Páscoa: distinção entre história e celebração

Quando, pois, Jesus tomou o vinagre, disse: Está consumado! E, inclinando a cabeça, rendeu o espírito” (Jo.19.30)

As ruas estão praticamente desertas, hoje. Quase tudo fechado. Contudo, diferente dos demais dias desse mês, a razão não é a pandemia do Coronavírus. Dessa vez, as famílias estão em casa porque em uma sexta-feira que antecede a Páscoa judaica, o Cordeiro de Deus, por meio do qual o universo fora criado (Jo.1.1-5; Hb.1.1-4), foi entregue para morrer em uma cruz, assumindo a culpa dos pecadores, a fim de dar a vida eterna a “todo o que nele crê” (Jo.3.16,36). Um dia de tão forte significado e emoções que o universo inteiro sentiu a morte do Filho de Deus, como nos descreve o evangelho de Mateus, o que melhor detalha o evento da morte de Cristo:

45 Desde a hora sexta até à hora nona, houve trevas sobre toda a terra […]50 E Jesus, clamando outra vez com grande voz, entregou o espírito.  51 Eis que o véu do santuário se rasgou em duas partes de alto a baixo; tremeu a terra, fenderam-se as rochas;  52 abriram-se os sepulcros, e muitos corpos de santos, que dormiam, ressuscitaram;  53 e, saindo dos sepulcros depois da ressurreição de Jesus, entraram na cidade santa e apareceram a muitos. (Mt.27.45,50-53)

Mas, qual seria a verdadeira natureza desse dia para o cristianismo, à luz da Escritura Sagrada? Para respondermos essa pergunta, precisamos distinguir entre a natureza histórica de uma data e a natureza ritual de um dia religioso. Essa distinção é fundamental, tendo em vista que a cristandade tem vivido uma crise de identidade tão grande que há, em seu meio, desde grupos que se assemelham ao judaísmo farisaico dos dias de Jesus até aqueles que vivem um completo liberalismo teórico e prático. Então, os cristãos interessados em um cristianismo puro e simples (sem o peso de tradições forjadas pela mente humana ao mesmo tempo em que seja bem fundamentado na Verdade e piedade do Evangelho) precisam saber como agir em dias como esses.
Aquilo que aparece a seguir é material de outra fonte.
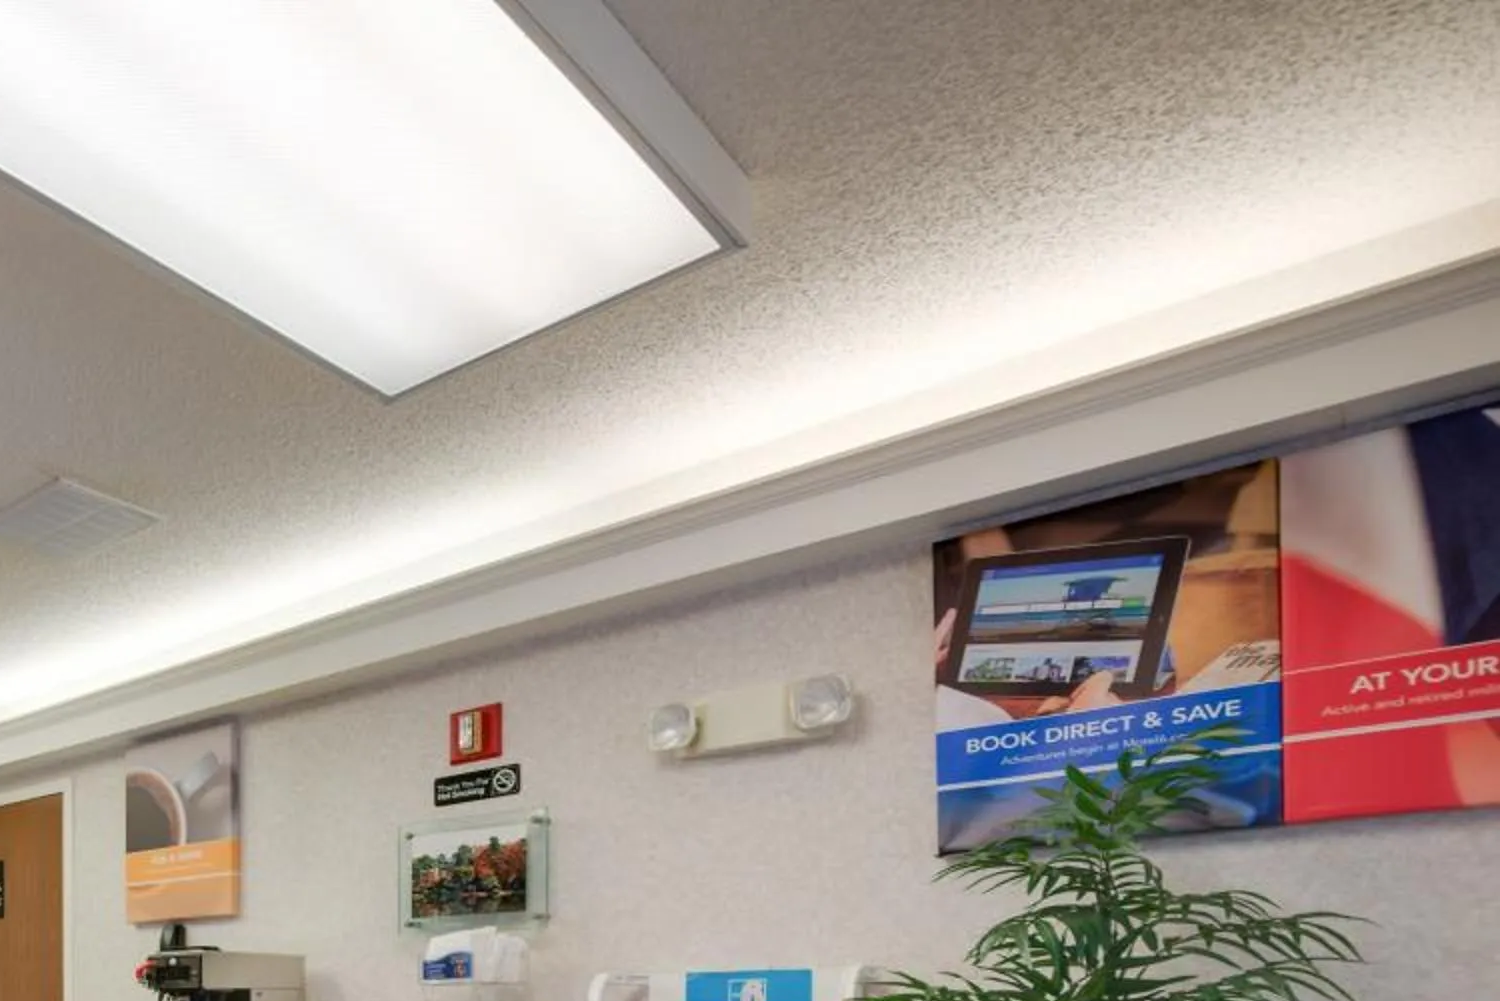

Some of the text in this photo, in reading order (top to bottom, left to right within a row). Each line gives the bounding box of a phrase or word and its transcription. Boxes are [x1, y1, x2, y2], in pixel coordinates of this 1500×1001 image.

[1351, 656, 1500, 694] AT YOUR
[1321, 702, 1371, 717] Active
[1373, 696, 1405, 711] and
[965, 699, 1242, 754] BOOK DIRECT & SAVE
[1000, 751, 1066, 766] Adventures
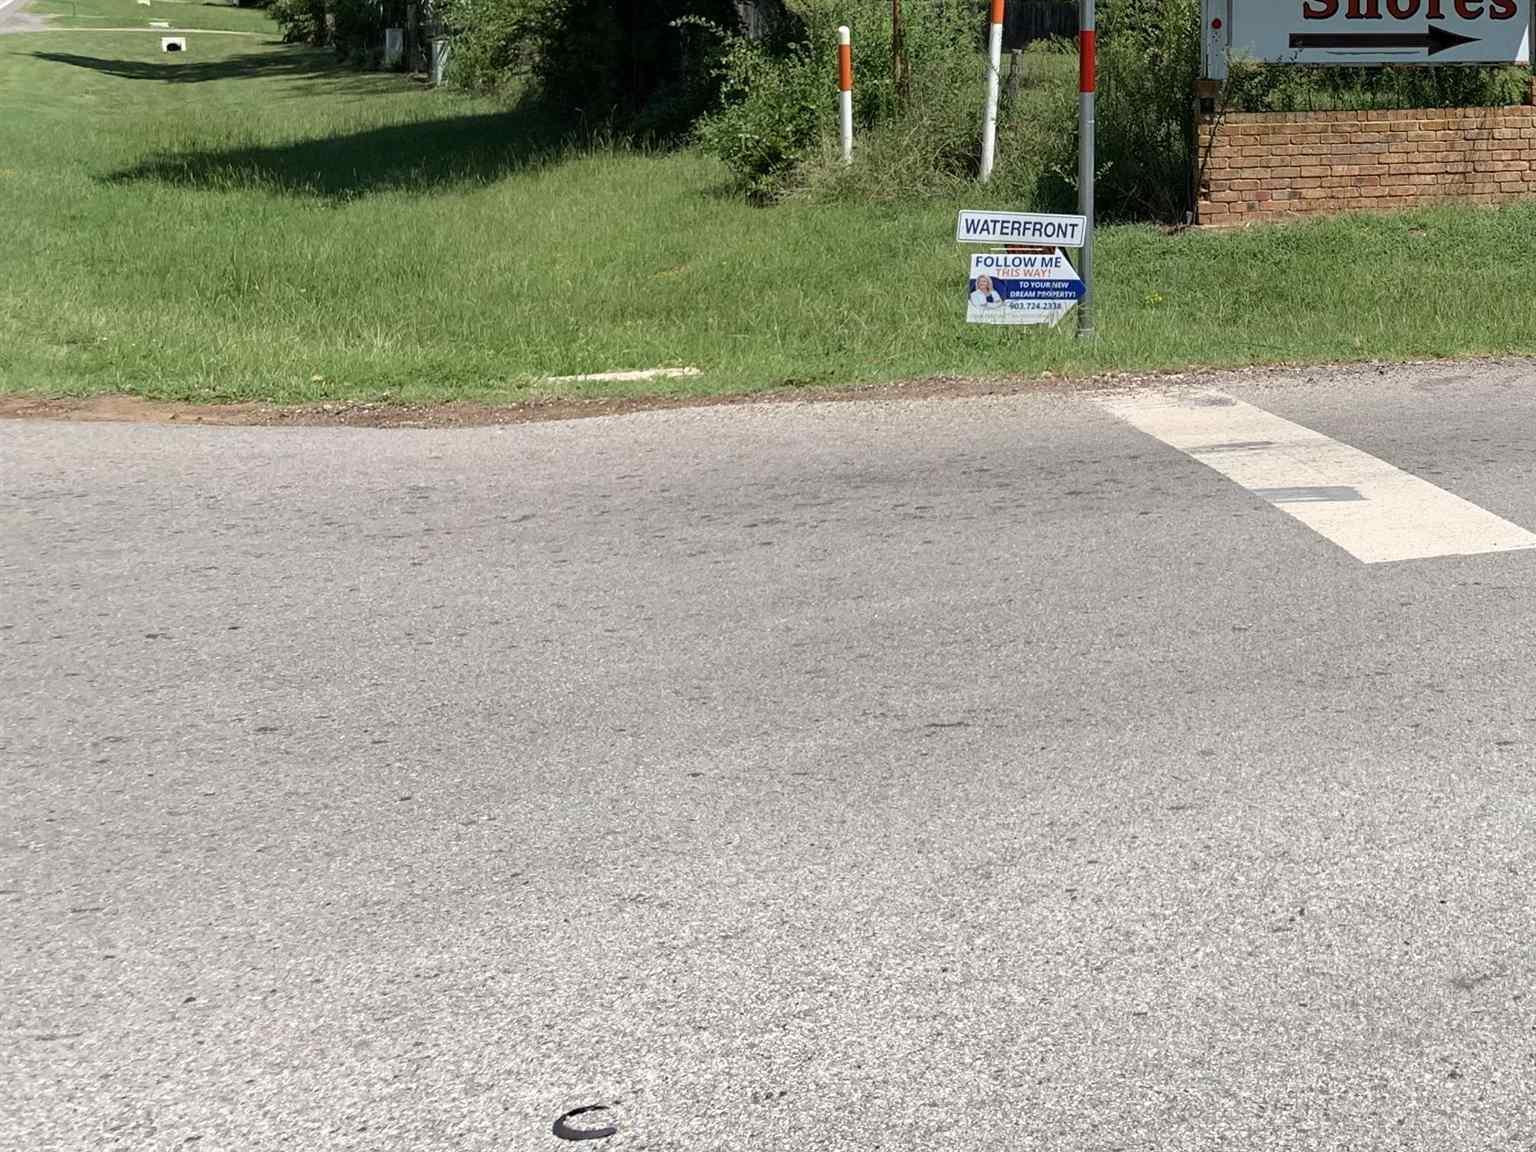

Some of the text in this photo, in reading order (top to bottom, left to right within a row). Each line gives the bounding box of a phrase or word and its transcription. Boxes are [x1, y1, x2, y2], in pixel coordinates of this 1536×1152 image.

[965, 218, 1079, 239] WATERFRONT
[976, 256, 1062, 268] FOLLOW ME
[996, 268, 1051, 278] THIS WAY!
[1020, 281, 1070, 289] TO YOUR NEW
[1010, 290, 1036, 298] DREAM
Diferente de muitas outras religiões, o cristianismo, como sequência natural do judaísmo, é uma religião fundamentalmente histórica. A Palavra de Deus não é um manual de como viver bem, apenas, mas o registro histórico de todos os eventos que fazem parte da história redentora. Sem a historicidade dos eventos redentores, o cristianismo não passaria de mais uma religião filosófica (comum entre os orientais) ou tipo “paz e amor” (como os hippies). Seus eventos históricos não devem ser compreendidos como metafóricos, alegóricos, simbólicos ou figurados. Essa é uma das razões de se afirmar que a criação do mundo se deu em seis dias literais, tendo em vista que a criação do universo é o primeiro evento histórico da história redentora. Substituir a literalidade dos seis dias por tempos simbólicos torna a criação em um evento indefinido sem valor histórico para a história redentora, abrindo um perigosíssimo precedente para a anulação da historicidade de todos os demais eventos: queda, dilúvio, chamado de Abraão etc.
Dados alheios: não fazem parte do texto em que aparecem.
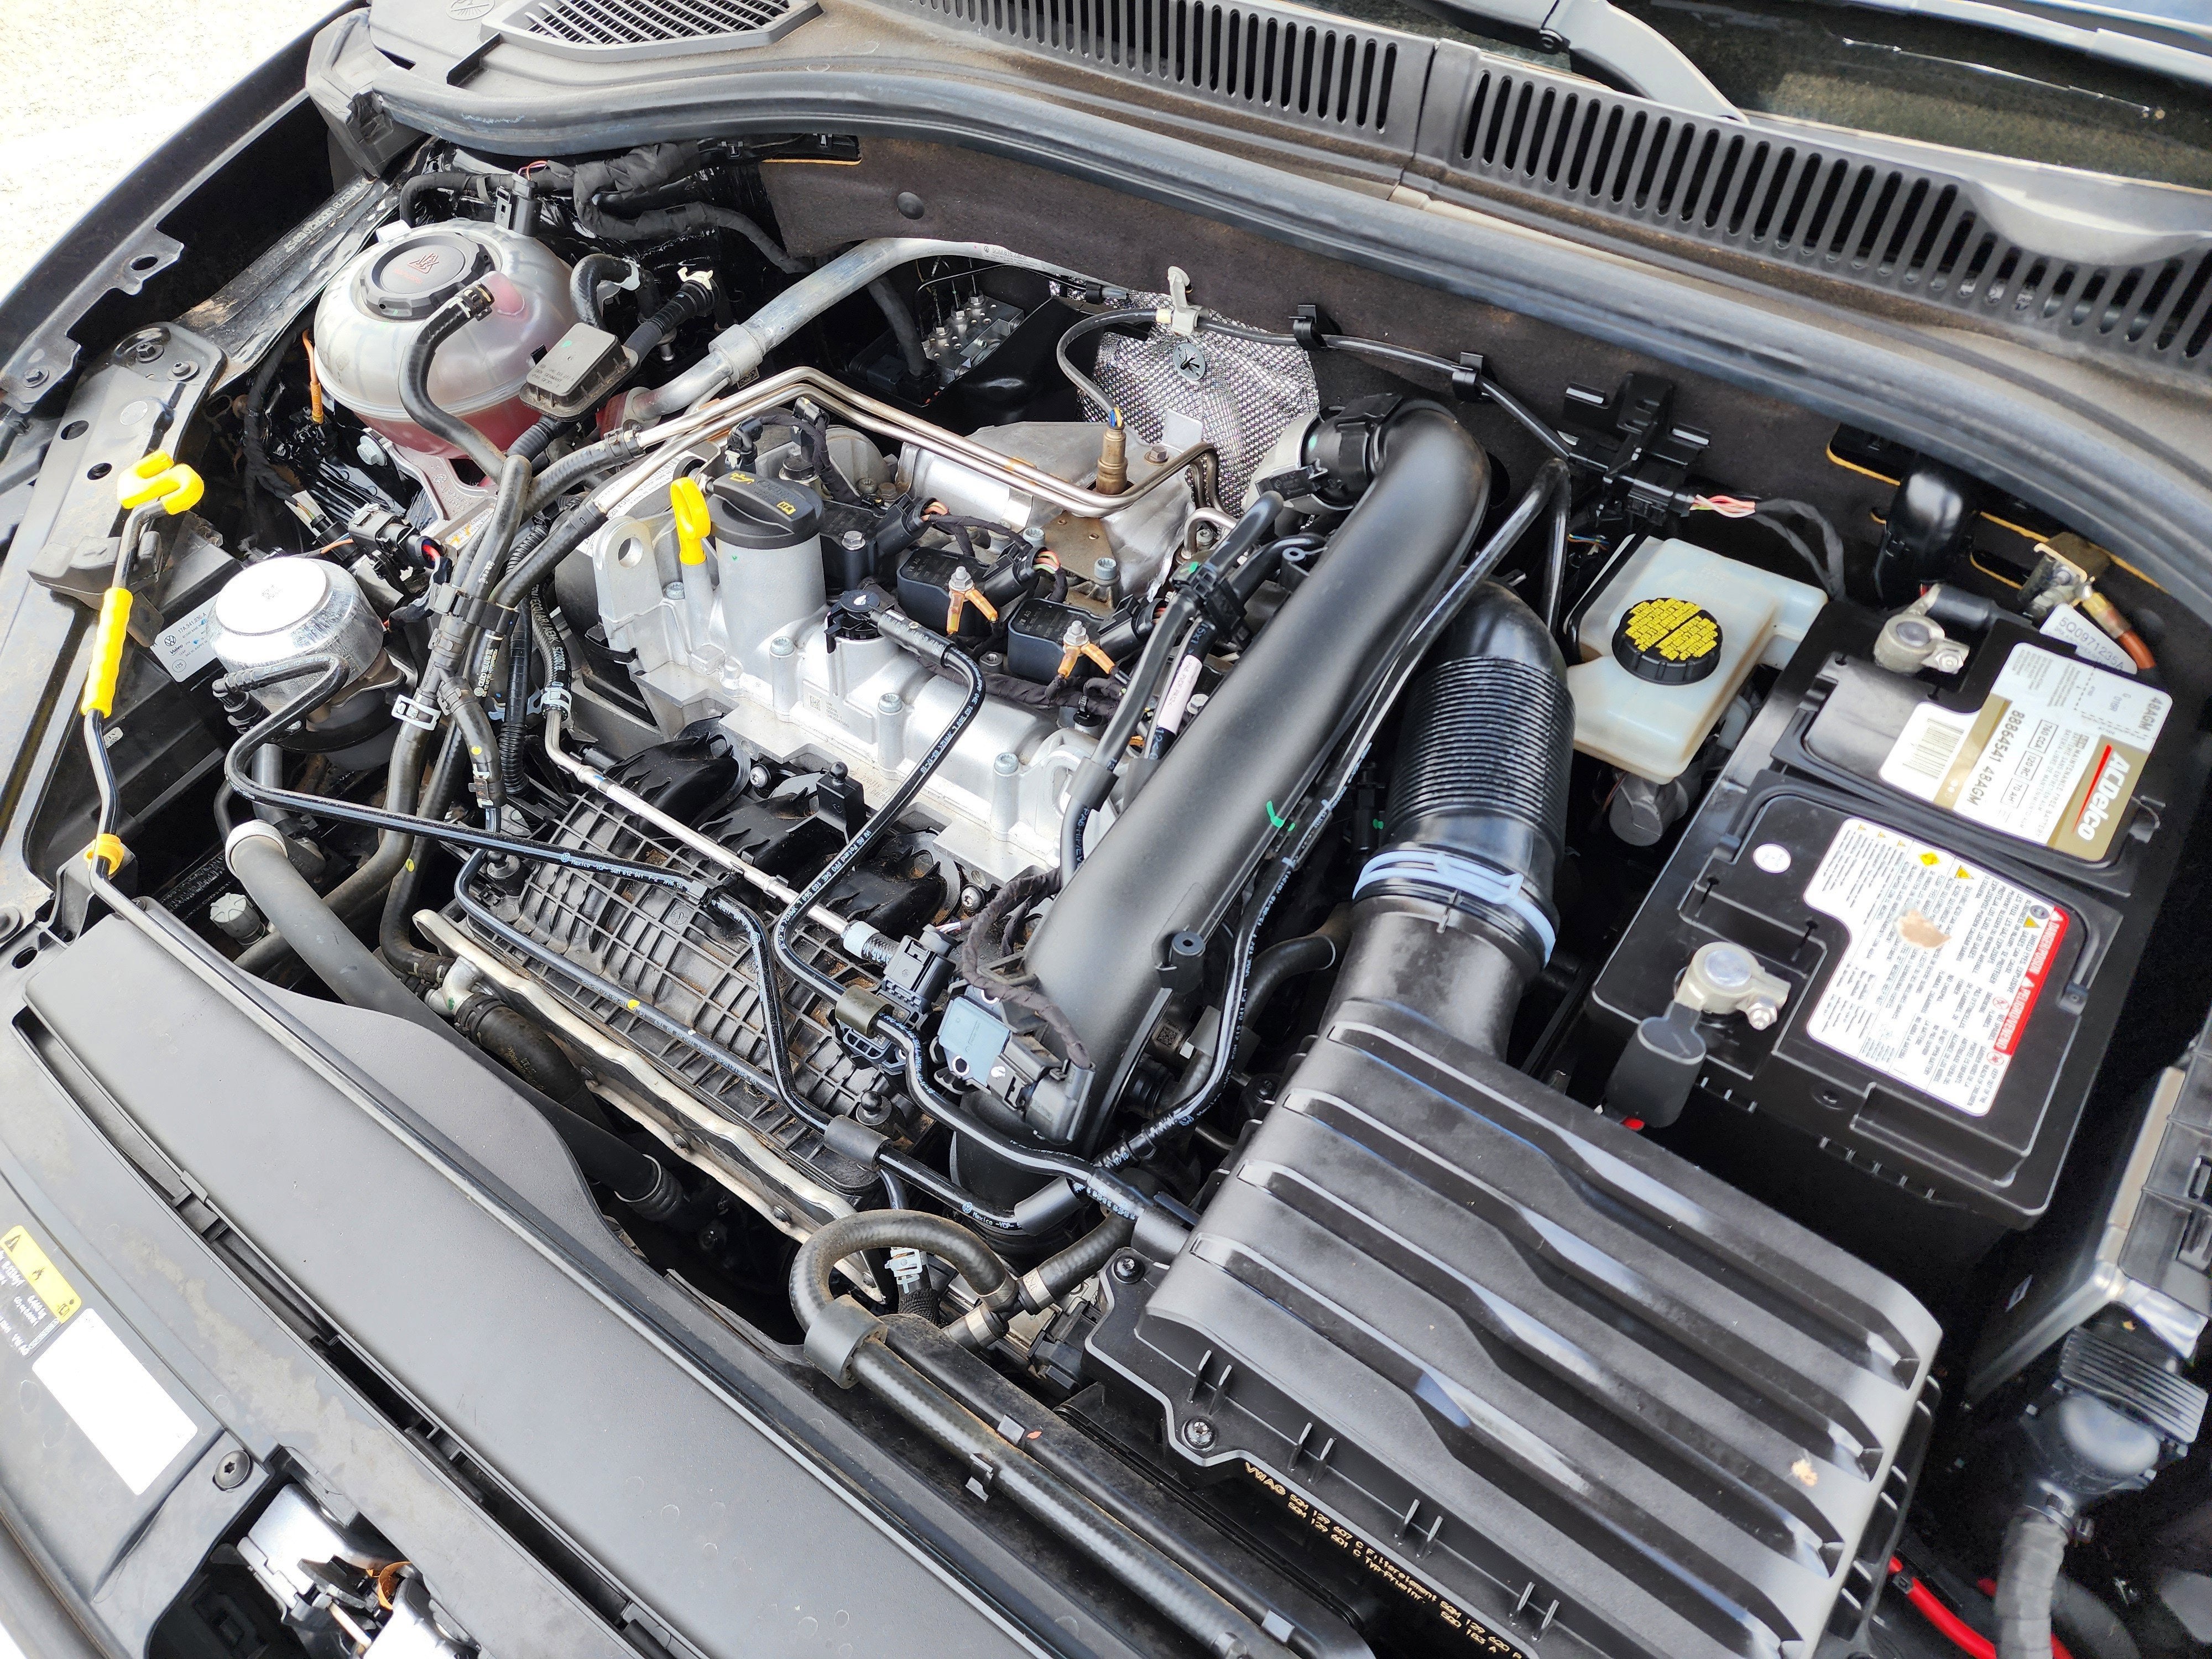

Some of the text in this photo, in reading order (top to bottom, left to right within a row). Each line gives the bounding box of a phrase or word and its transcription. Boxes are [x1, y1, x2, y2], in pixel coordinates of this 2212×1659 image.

[2136, 695, 2165, 733] 48AGM
[2033, 735, 2046, 750] CCA
[1965, 708, 2026, 807] 88864541 48AGM
[2019, 754, 2037, 778] 120 RC
[2012, 781, 2023, 793] 70
[2032, 748, 2082, 839] MAINTENANCE FREE BATTERY
[2077, 751, 2131, 841] ACDelco
[839, 842, 859, 863] Poland
[571, 859, 591, 869] Mexico
[820, 869, 832, 881] 04E
[811, 879, 822, 891] 103
[800, 888, 813, 902] 560
[2015, 893, 2023, 903] LES
[1987, 906, 1996, 917] LOS
[2016, 929, 2028, 948] GASES
[2024, 933, 2038, 952] SHIELD
[2028, 920, 2060, 975] DANGER/POISON
[2011, 947, 2021, 958] CAN
[2006, 965, 2023, 994] EXPLOSIVE
[1994, 985, 2031, 1051] PELIGRO/VENENO
[972, 1211, 993, 1226] Mexico
[1308, 1517, 1329, 1535] 129
[1350, 1547, 1363, 1559] C
[1310, 1509, 1332, 1527] 129
[1353, 1539, 1365, 1551] C
[1462, 1616, 1485, 1635] 129
Por seu caráter histórico, o cristianismo está repleto de datas importantes que marcaram a trajetória da história redentora desde a criação do universo (Gênesis) até a revelação do ultimo livro da Escritura Sagrada: Apocalipse. Assim como a história de uma pessoa é parte da formação de seu caráter e competências, sendo importante tanto para ela quanto para as pessoas a seu redor, também todos os eventos históricos da história redentora são fundamentais para a formação dos cristãos, pois formam a identidade do cristianismo. Portanto, todo cristão precisa conhecer como Deus revelou Seu SER e Suas obras no curso da história humana, como nos diz o autor de Hebreus:

Ora, a fé é a certeza de coisas que se esperam, a convicção de fatos que se não veem.  2 Pois, pela fé, os antigos obtiveram bom testemunho.  3 Pela fé, entendemos que foi o universo formado pela palavra de Deus, de maneira que o visível veio a existir das coisas que não aparecem. […] 6 De fato, sem fé é impossível agradar a Deus, porquanto é necessário que aquele que se aproxima de Deus creia que ele existe e que se torna galardoador dos que o buscam. (Hb.11.1-3,6)

A fé de cada geração de homens e mulheres de Deus estava relacionada a algum evento histórico. Adão e Eva criam no Deus Criador que fez o universo em seis dias e prometeu o nascimento do redentor que pisaria a cabeça da serpente (Gn.1-2; 3.15). Essa promessa acompanhou o povo de Deus através das gerações. Noé, também, cria no Deus Criador de tudo o que existe e acreditou tanto na Palavra de juízo quanto na promessa de salvação através da arca. Seus filhos foram ensinados a crer no Deus Criador, Provedor, Juiz e Salvador. Mais à frente, os personagens que Deus chama (Abraão, Isaque e Jacó) são ensinados a crer tanto naquilo que já havia sido revelado sobre o SER de Deus e suas obras quanto naquilo que o Senhor prometia para o futuro. Em ambos os casos, a fé dos personagens estava depositada sobre ações de Deus na história (passado, presente e futuro). Por isso, Moisés registrou a Palavra de Deus e os filhos de Israel foram ensinados a crer no Deus que se revelou por atos históricos redentores, como o êxodo.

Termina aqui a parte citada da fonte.